*** Begin section ***

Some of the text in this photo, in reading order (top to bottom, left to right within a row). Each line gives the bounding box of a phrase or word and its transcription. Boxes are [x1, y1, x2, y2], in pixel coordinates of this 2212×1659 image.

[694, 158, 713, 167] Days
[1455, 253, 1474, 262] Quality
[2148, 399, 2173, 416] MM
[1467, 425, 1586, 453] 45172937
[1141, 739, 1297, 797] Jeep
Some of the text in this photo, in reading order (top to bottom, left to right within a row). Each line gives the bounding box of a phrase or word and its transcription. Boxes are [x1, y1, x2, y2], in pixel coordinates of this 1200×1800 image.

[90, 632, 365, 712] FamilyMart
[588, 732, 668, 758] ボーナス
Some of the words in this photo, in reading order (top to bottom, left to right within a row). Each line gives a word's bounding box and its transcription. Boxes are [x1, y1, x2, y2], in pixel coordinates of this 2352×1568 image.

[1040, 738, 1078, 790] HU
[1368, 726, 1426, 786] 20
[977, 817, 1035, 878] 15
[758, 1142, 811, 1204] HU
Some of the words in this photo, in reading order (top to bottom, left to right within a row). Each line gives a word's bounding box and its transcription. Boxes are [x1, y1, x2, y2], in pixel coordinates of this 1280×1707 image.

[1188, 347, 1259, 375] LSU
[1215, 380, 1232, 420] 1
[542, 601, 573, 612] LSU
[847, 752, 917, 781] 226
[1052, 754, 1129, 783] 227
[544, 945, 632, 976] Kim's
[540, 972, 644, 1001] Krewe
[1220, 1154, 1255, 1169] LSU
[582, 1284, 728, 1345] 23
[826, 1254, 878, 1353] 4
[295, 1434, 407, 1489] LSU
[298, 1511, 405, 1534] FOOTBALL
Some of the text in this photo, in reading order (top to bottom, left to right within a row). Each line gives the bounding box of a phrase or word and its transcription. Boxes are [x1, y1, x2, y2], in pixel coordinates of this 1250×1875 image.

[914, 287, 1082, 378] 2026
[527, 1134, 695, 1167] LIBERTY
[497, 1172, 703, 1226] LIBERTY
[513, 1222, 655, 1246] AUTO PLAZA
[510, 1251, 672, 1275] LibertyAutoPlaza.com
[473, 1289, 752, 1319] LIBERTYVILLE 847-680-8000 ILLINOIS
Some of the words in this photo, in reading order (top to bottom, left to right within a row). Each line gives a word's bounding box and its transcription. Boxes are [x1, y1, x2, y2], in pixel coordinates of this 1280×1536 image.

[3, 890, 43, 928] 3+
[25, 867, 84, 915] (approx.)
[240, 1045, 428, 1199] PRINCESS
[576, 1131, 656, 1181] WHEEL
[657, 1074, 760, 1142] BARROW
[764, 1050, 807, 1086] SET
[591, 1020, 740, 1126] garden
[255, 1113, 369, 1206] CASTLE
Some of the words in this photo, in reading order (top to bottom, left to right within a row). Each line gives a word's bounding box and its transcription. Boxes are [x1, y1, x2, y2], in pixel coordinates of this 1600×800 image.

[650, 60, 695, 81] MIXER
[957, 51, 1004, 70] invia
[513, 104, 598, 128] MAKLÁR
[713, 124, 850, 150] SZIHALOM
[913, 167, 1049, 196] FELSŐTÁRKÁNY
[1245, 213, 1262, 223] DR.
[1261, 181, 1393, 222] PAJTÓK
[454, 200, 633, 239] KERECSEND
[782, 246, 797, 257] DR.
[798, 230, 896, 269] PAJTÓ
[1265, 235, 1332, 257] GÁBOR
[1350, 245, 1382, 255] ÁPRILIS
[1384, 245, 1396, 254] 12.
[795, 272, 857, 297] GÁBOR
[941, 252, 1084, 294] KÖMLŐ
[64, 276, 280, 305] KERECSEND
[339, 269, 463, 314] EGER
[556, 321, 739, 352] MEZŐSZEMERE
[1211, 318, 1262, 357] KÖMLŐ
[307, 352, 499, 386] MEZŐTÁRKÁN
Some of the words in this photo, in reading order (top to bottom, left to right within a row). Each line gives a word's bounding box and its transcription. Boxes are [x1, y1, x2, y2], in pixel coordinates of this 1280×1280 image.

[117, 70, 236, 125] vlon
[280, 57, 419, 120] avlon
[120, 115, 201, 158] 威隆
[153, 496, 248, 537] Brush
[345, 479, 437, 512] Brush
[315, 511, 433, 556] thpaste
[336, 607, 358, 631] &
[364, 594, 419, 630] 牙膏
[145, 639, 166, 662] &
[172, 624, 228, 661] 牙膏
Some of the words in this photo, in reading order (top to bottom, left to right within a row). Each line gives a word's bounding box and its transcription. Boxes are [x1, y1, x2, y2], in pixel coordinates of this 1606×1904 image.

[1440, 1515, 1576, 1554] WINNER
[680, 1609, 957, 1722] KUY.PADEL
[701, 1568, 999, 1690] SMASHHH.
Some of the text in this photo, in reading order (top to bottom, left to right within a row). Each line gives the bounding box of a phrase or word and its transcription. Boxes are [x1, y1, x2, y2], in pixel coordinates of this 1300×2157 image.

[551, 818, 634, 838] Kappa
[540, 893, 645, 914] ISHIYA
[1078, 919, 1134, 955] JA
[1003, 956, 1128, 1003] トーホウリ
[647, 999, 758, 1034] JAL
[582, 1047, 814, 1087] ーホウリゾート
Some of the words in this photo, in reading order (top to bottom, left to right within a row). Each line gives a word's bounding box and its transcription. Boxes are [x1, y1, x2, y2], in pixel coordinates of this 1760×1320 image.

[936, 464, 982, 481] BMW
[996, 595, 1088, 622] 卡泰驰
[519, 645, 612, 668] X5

*** End section ***

Work to complete
Please retype the records above starting with the line that contains "this 1300×2157 image." and stopping after the last line, changing nothing.

Your solution
Some of the text in this photo, in reading order (top to bottom, left to right within a row). Each line gives the bounding box of a phrase or word and its transcription. Boxes are [x1, y1, x2, y2], in pixel coordinates of this 1300×2157 image.

[551, 818, 634, 838] Kappa
[540, 893, 645, 914] ISHIYA
[1078, 919, 1134, 955] JA
[1003, 956, 1128, 1003] トーホウリ
[647, 999, 758, 1034] JAL
[582, 1047, 814, 1087] ーホウリゾート
Some of the words in this photo, in reading order (top to bottom, left to right within a row). Each line gives a word's bounding box and its transcription. Boxes are [x1, y1, x2, y2], in pixel coordinates of this 1760×1320 image.

[936, 464, 982, 481] BMW
[996, 595, 1088, 622] 卡泰驰
[519, 645, 612, 668] X5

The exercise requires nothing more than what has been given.